> Work instructions: Reproduce each line of the material exactly, minus any picture.

> Extracted material:

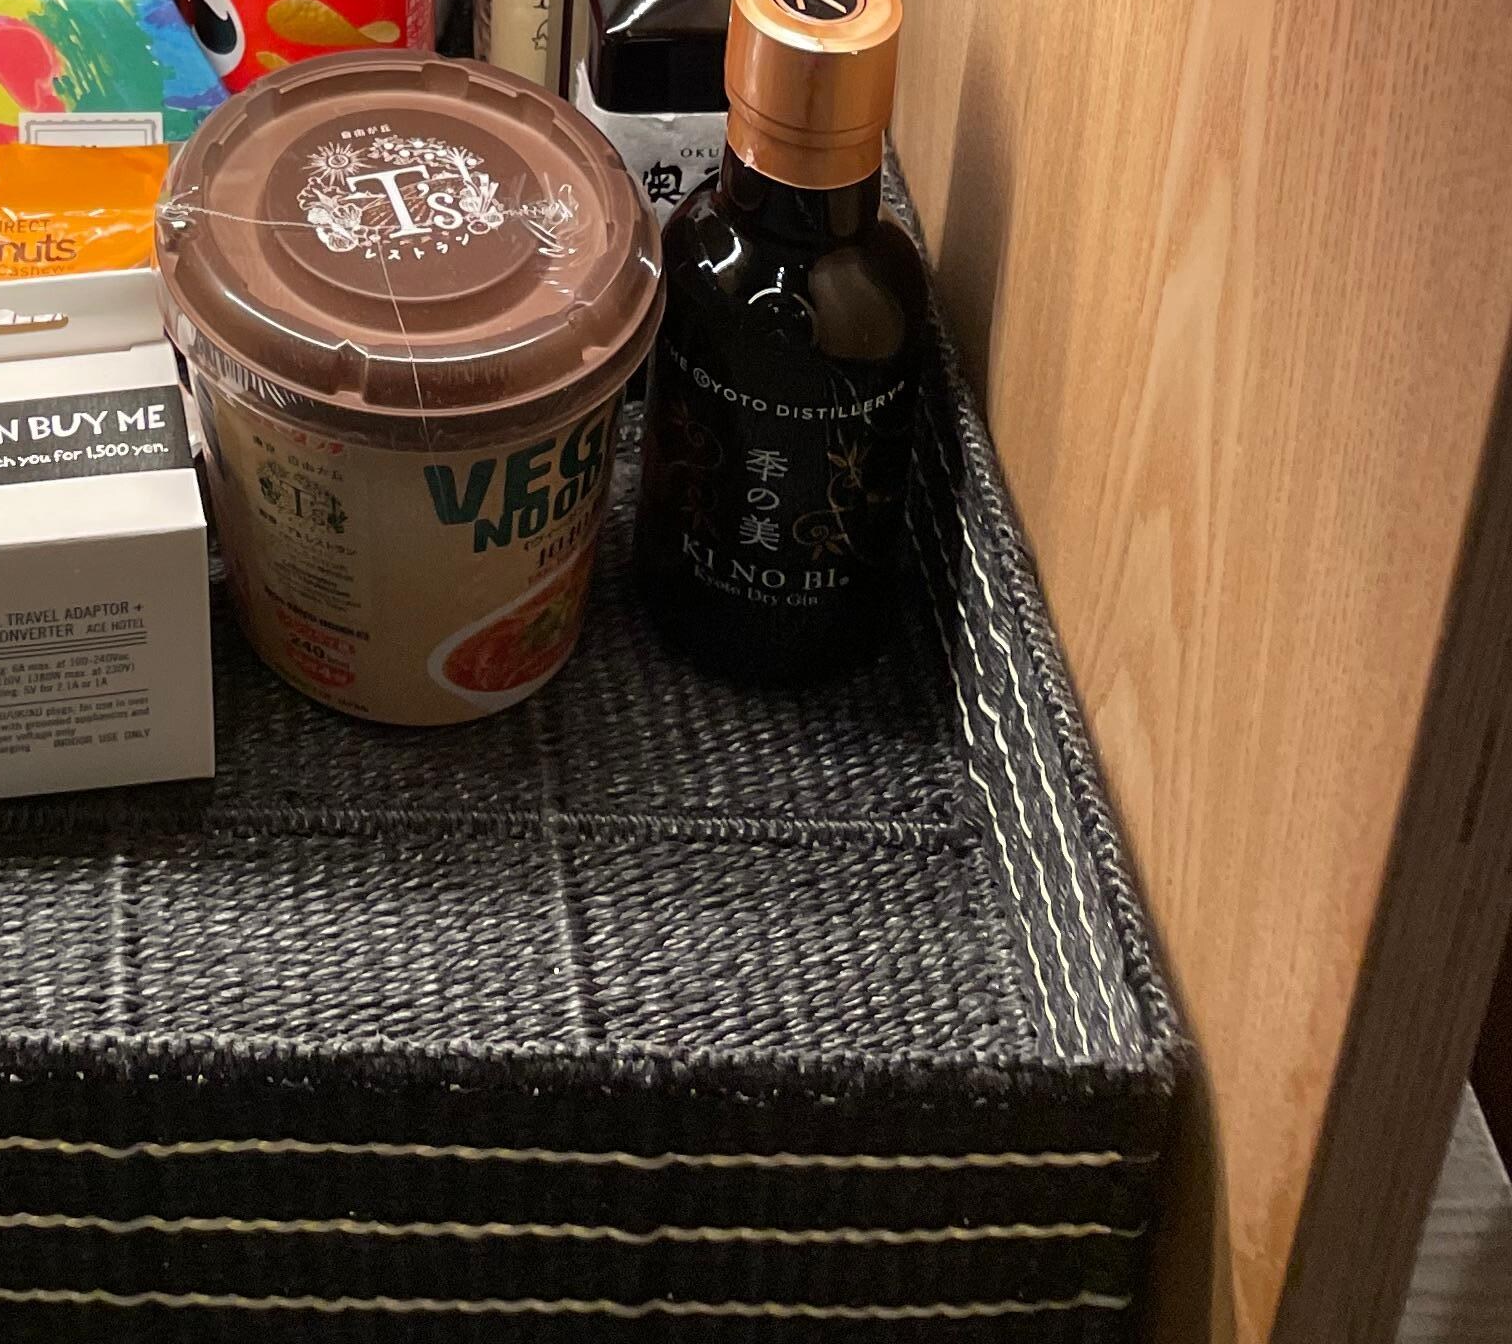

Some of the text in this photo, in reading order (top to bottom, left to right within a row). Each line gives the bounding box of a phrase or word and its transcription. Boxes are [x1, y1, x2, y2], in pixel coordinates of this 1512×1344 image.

[346, 164, 464, 238] T's
[776, 385, 899, 420] DISTILLERY
[27, 409, 108, 441] BUY
[116, 404, 166, 432] ME
[18, 452, 52, 467] you
[53, 447, 83, 462] for
[739, 448, 789, 551] 季の美
[682, 533, 714, 569] KI
[731, 560, 787, 589] NO
[8, 611, 60, 626] TRAVEL
[65, 601, 130, 620] ADAPTOR

> Solved problem:
Some of the text in this photo, in reading order (top to bottom, left to right within a row). Each line gives the bounding box of a phrase or word and its transcription. Boxes are [x1, y1, x2, y2], in pixel coordinates of this 1512×1344 image.

[346, 164, 464, 238] T's
[776, 385, 899, 420] DISTILLERY
[27, 409, 108, 441] BUY
[116, 404, 166, 432] ME
[18, 452, 52, 467] you
[53, 447, 83, 462] for
[739, 448, 789, 551] 季の美
[682, 533, 714, 569] KI
[731, 560, 787, 589] NO
[8, 611, 60, 626] TRAVEL
[65, 601, 130, 620] ADAPTOR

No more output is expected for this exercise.